但他让蝶依道歉,不代表他觉得蝶依错了。他承认,当时看见沈兰心对着蝶依恨得咬牙的模样,他确实怀疑过蝶依拿沈兰心当挡箭牌,但后来蝶依的反应,让他有一百个理由相信,蝶依没有对她做什么,他只是被沈兰心误导了。
提起那件事,沈兰心又是一阵蹙眉纠结,最终却是低着头,沉沉开口:“对不起。”
对不起?墨心邪俊眉微蹙,已经知道了这三个字背后的意义。她是故意的,故意误导自己!
“对不起,我不知道他是萧蝶依,不知道他是你喜欢的女子,如果知道,我肯定不会奢望你给我报仇的。我后面的遭遇,比在青楼凄惨千百倍,如果没有她忽然出现,我如何会落到军营?所以,虽然我被抓是因为我自己没有听她的话拿下面具,但是我依然恨她。我恨她为什么出现打乱我的生活,为什么给我那样一个危险的面具,我恨她!”
“我恨她,所以我才想你帮我出气,帮我报仇,我才想让你以为是她逼我那么做的。可是……对不起少主,我真的不是故意的,我不知道她是你喜欢的女子。”

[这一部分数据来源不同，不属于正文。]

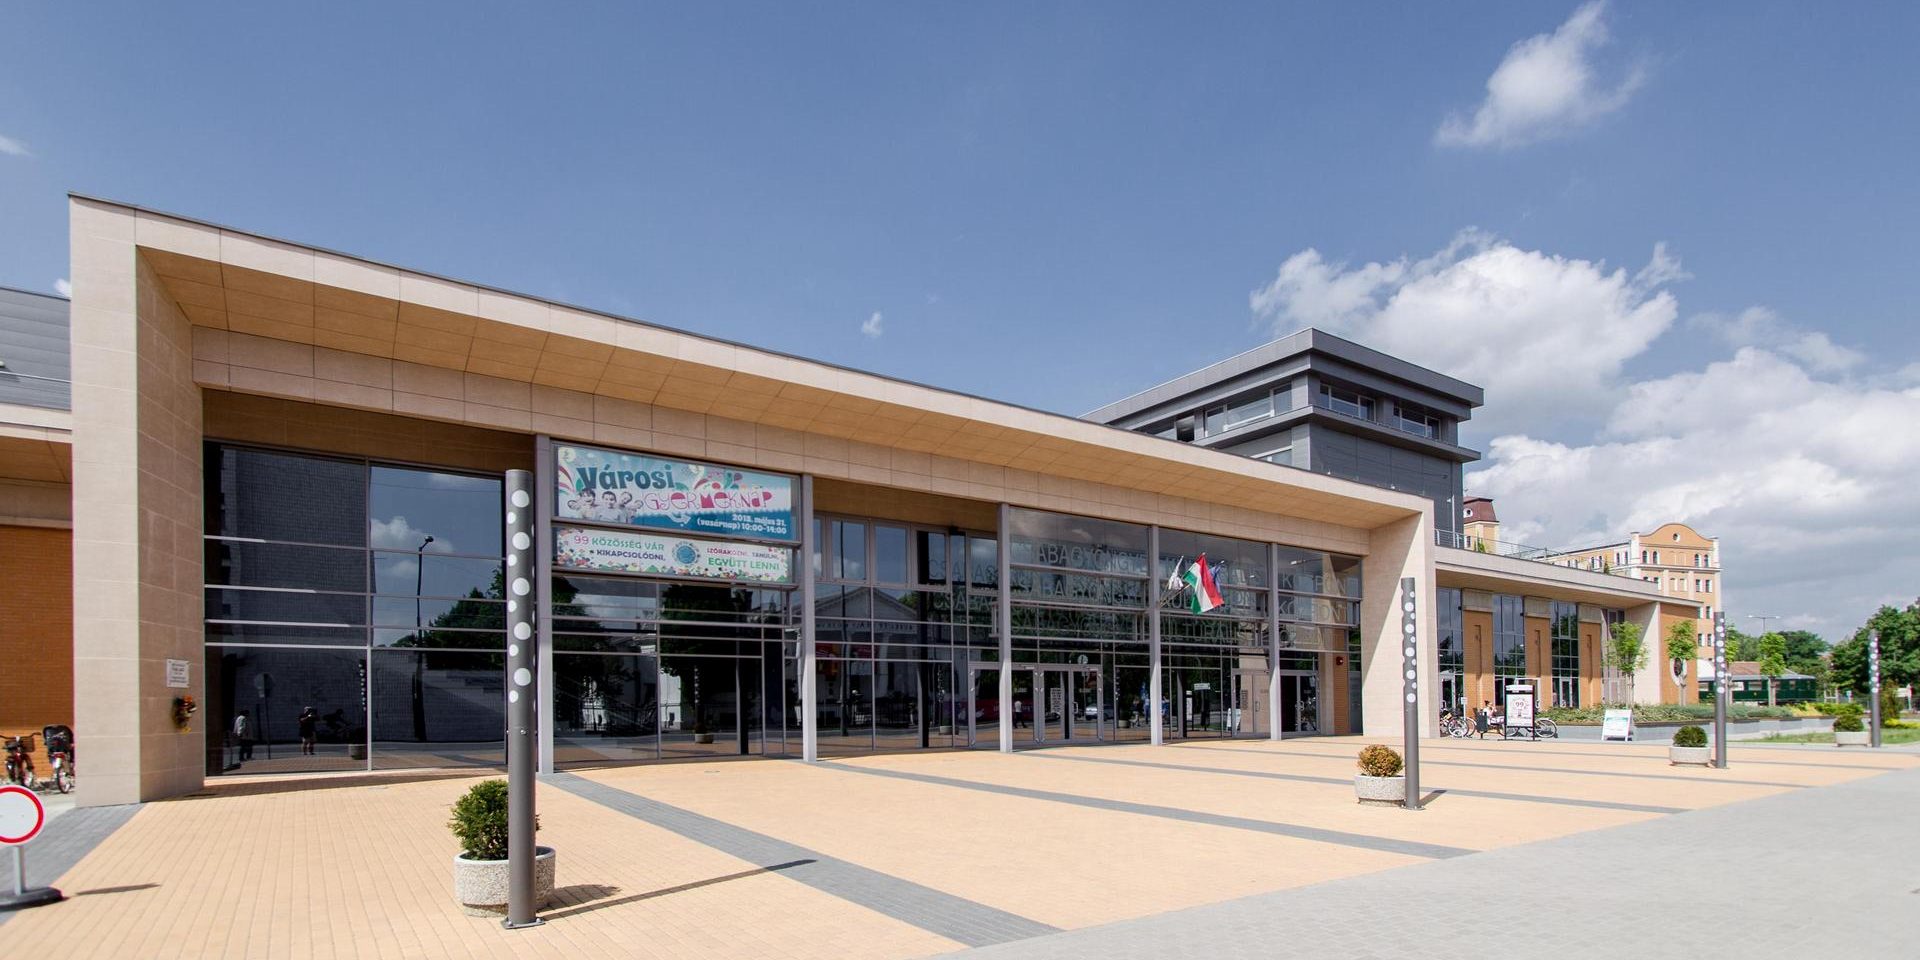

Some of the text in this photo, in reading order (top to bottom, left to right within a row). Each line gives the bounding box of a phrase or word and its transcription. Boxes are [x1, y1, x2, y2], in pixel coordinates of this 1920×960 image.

沈兰心此话可谓说的衷肠切切,她是把自己内心真实的想法和她的面具结合在一起,真真假假假假真真,反而让人看不清辨不明,更多了些信任。
墨心邪从这话中更听出了她的无限委屈。她是个小女子,斤斤计较的小女子,所以明知自己的遭遇和蝶依没有直接的关系,她还是忍不住的恨她,恨她的出现,扰乱了她原本平静的生活。但是因为扰乱她生活的是萧蝶依,是她家少主喜欢的女子,所以她又自责,自责自己的蛮横计较,给他们带来了不和谐。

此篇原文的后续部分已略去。